Before GitOps, our deployment process looked something like this: a developer finishes a feature, opens a Slack message to the ops team, someone SSHs into the cluster, runs a kubectl apply, and prays it works. If something broke, good luck figuring out what changed and when.
This is the story of how we fixed that with Argo CD and GitOps.
What Is GitOps?
GitOps is an operational pattern where Git is the single source of truth for your cluster's desired state. Every configuration change — deployments, services, configmaps, RBAC — is a pull request. The cluster continuously reconciles itself against what's in Git.
The two core principles:
- →Declarative: Describe what you want, not how to get there.
- →Continuously reconciled: The cluster self-heals if it drifts from the desired state.
Why Argo CD?
We evaluated FluxCD and Argo CD. Argo won for three reasons:
- →UI: Argo has an excellent web dashboard that makes drift detection visual and obvious.
- →ApplicationSets: Generating applications for multiple clusters/environments from a single template.
- →Rollback story: One-click rollbacks to any previous Git commit directly from the UI.
Repository Structure
We use a monorepo with environment overlays pattern:
gitops-repo/
├── apps/
│ ├── api-service/
│ │ ├── base/
│ │ │ ├── deployment.yaml
│ │ │ ├── service.yaml
│ │ │ └── kustomization.yaml
│ │ └── overlays/
│ │ ├── staging/
│ │ │ └── kustomization.yaml # patch image tag, replicas
│ │ └── production/
│ │ └── kustomization.yaml # patch image tag, resources
├── infrastructure/
│ ├── cert-manager/
│ ├── external-dns/
│ └── ingress-nginx/
└── argocd/
└── applications/
├── api-service-staging.yaml
└── api-service-production.yaml
The CI/CD Flow
Developer pushes code
│
▼
GitHub Actions CI
- Build Docker image
- Run Trivy security scan
- Run SonarQube analysis
- Push image to ECR with SHA tag
- Update image tag in gitops-repo overlay
│
▼
Argo CD detects git change
- Computes diff (desired vs actual)
- Syncs cluster (or waits for manual approval in prod)
│
▼
Cluster updated ✓
The critical part: the CI pipeline never touches kubectl. It only updates a YAML file in the GitOps repo. Argo CD does the rest.
Handling Secrets
Secrets in Git is a non-starter. We use AWS Secrets Manager + External Secrets Operator (ESO):
apiVersion: external-secrets.io/v1beta1
kind: ExternalSecret
metadata:
name: db-credentials
spec:
refreshInterval: 1h
secretStoreRef:
name: aws-secrets-manager
kind: ClusterSecretStore
target:
name: db-credentials # creates a K8s secret
data:
- secretKey: DB_PASSWORD
remoteRef:
key: prod/api-service/db
property: password
Secrets live in AWS Secrets Manager. ESO syncs them into K8s secrets on a schedule. Rotation is automatic. Git never sees a plaintext secret.

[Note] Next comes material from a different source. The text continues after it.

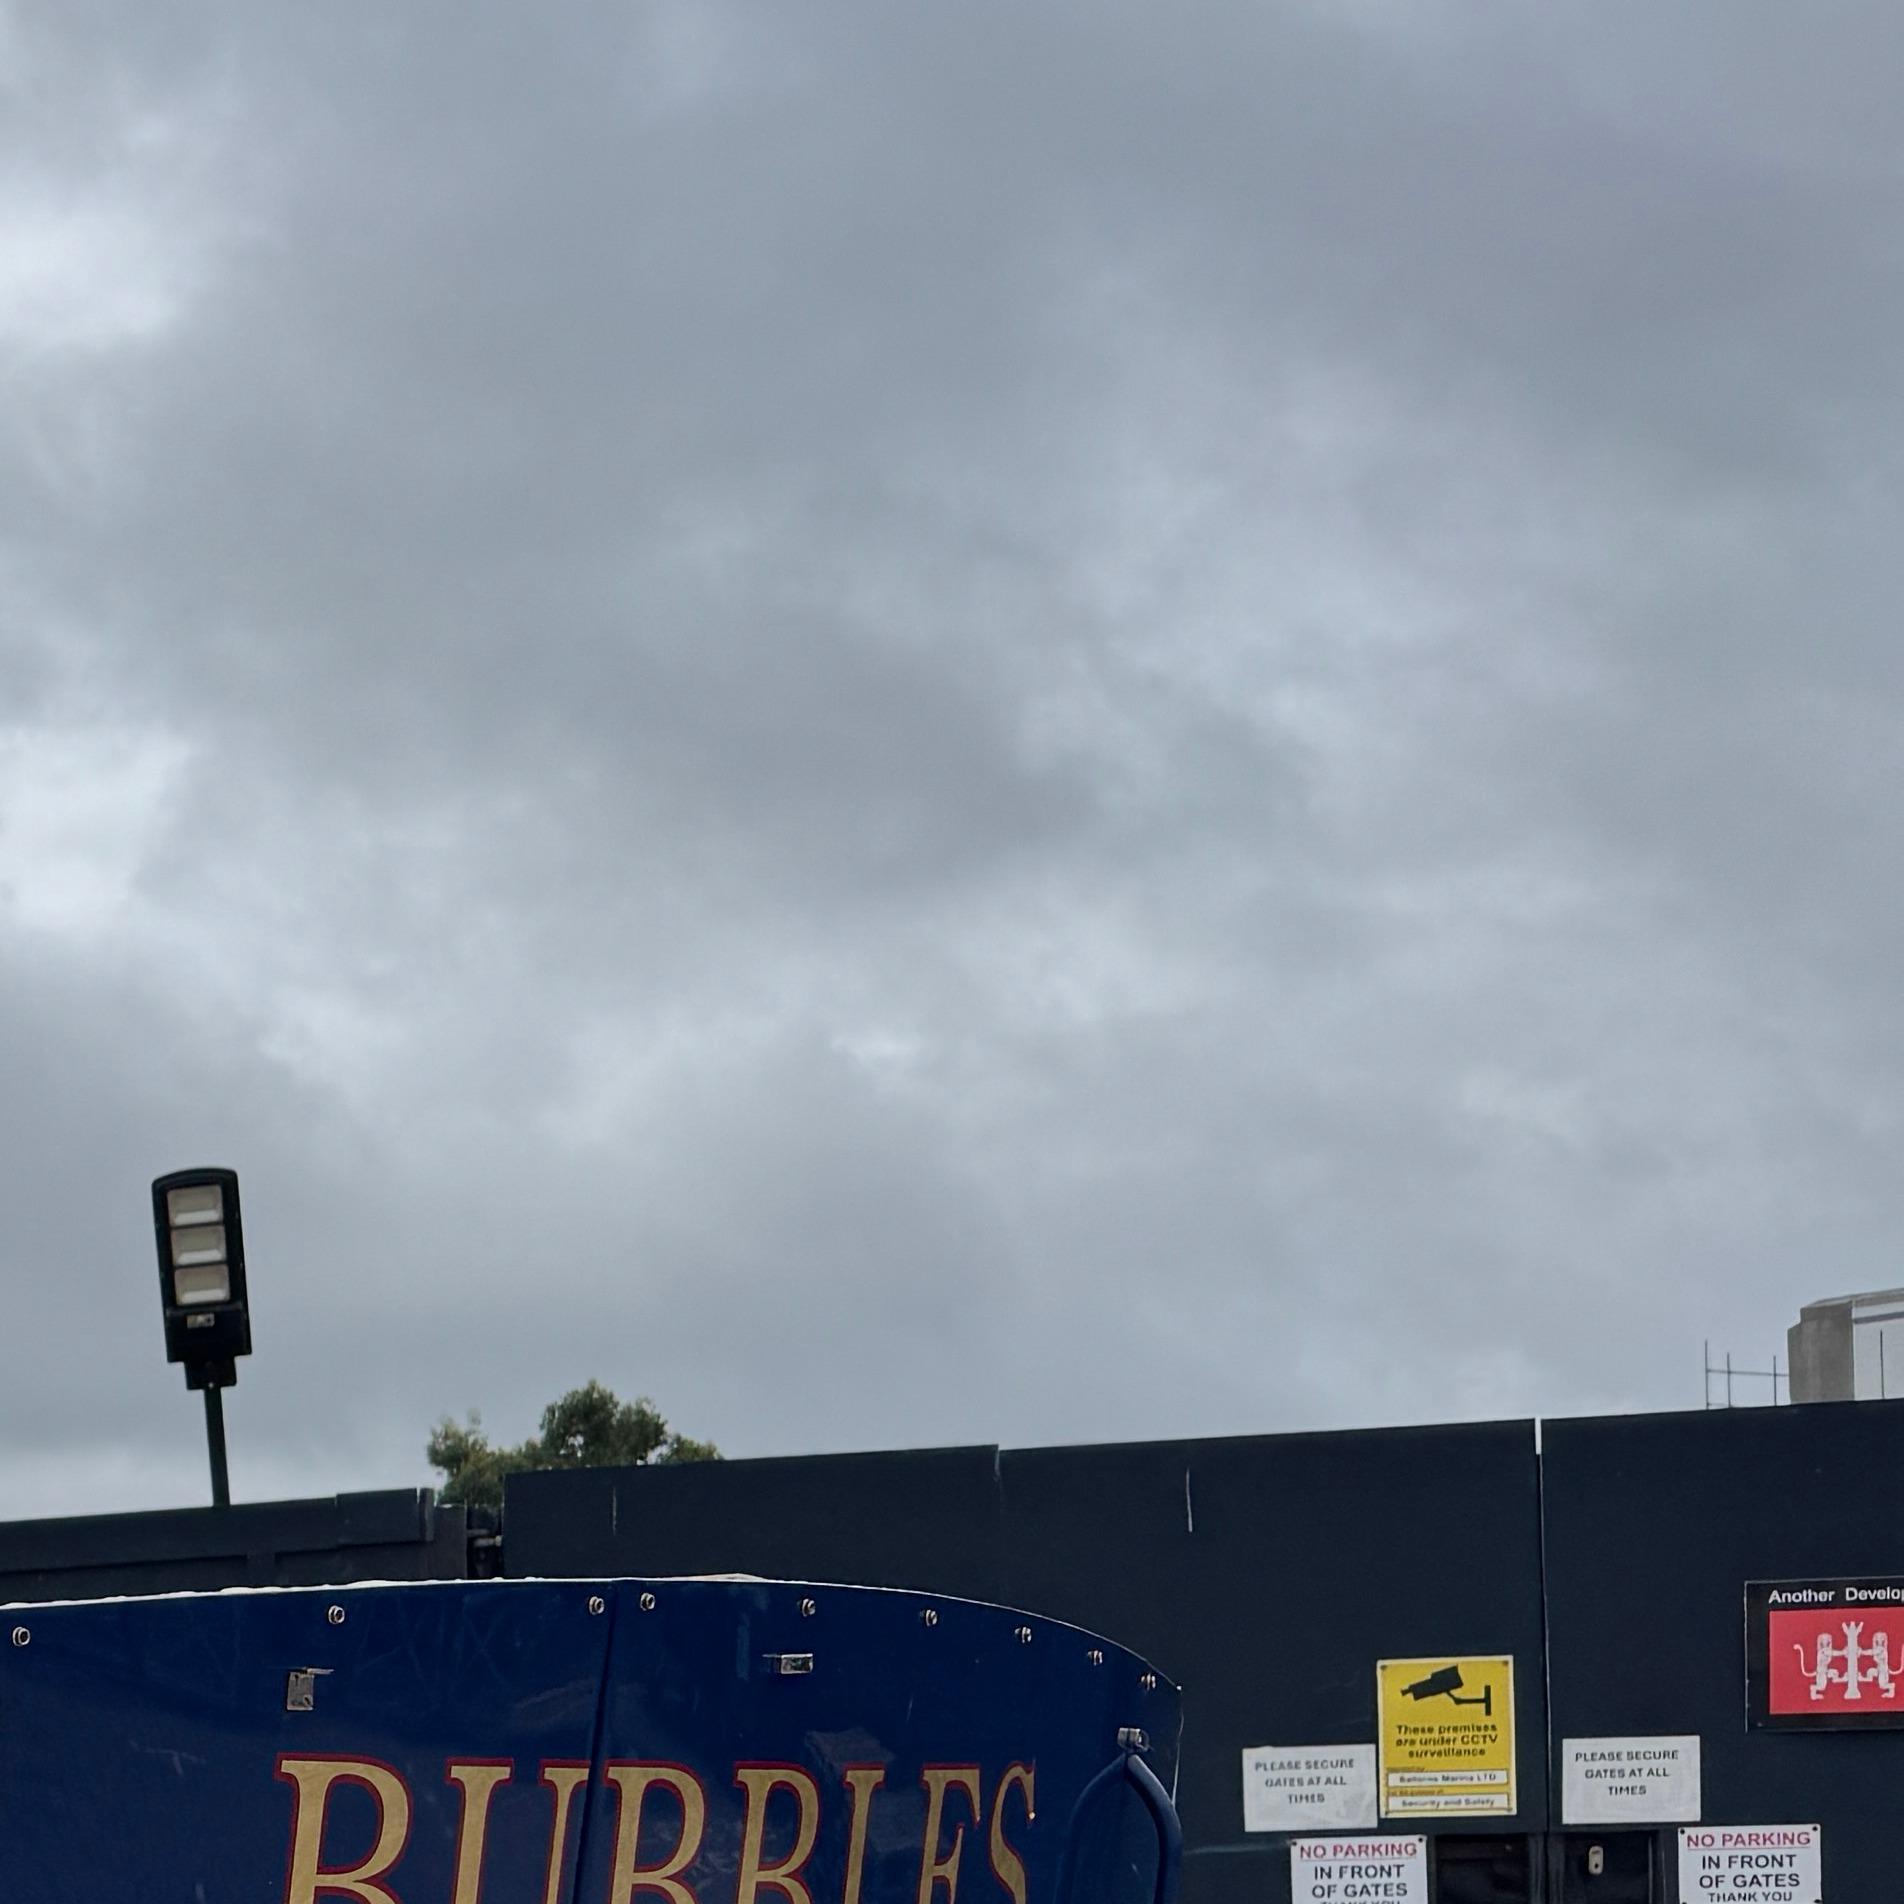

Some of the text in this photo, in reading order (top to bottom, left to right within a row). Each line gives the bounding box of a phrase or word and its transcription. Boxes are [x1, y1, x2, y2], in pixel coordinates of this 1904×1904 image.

Drift Detection in Practice
One evening, Argo CD showed one of our production deployments in a "OutOfSync" state — yellow warning in the dashboard. Investigating, we found someone had manually kubectl set image'd a container to test a fix for a production issue (we've all been there).
Argo detected the drift within 3 minutes. We reviewed the diff, created a proper PR with the fix, and merged it. The cluster self-healed.
Without GitOps, that manual change would have lived invisibly until the next deployment overwrote it — or caused an incident.
Results After 6 Months
| Metric | Before GitOps | After GitOps |
|---|---|---|
| Deployment time | ~25 minutes | ~8 minutes |
| Manual kubectl runs | Daily | Zero |
| Configuration drift incidents | ~3/month | 0 |
| Rollback time | 30+ minutes | < 2 minutes |
| Audit trail | Slack messages | Full Git history |
The ~60% deployment time reduction is real — but the bigger win is confidence. Every change is reviewed, traceable, and reversible.
Closing Thoughts
GitOps doesn't eliminate complexity — it makes complexity manageable. If you're running Kubernetes and still doing kubectl apply by hand, GitOps is the single highest-leverage change you can make to your operations.
Start small: one application, one cluster, one environment. Let Argo CD manage it for two weeks. You won't go back.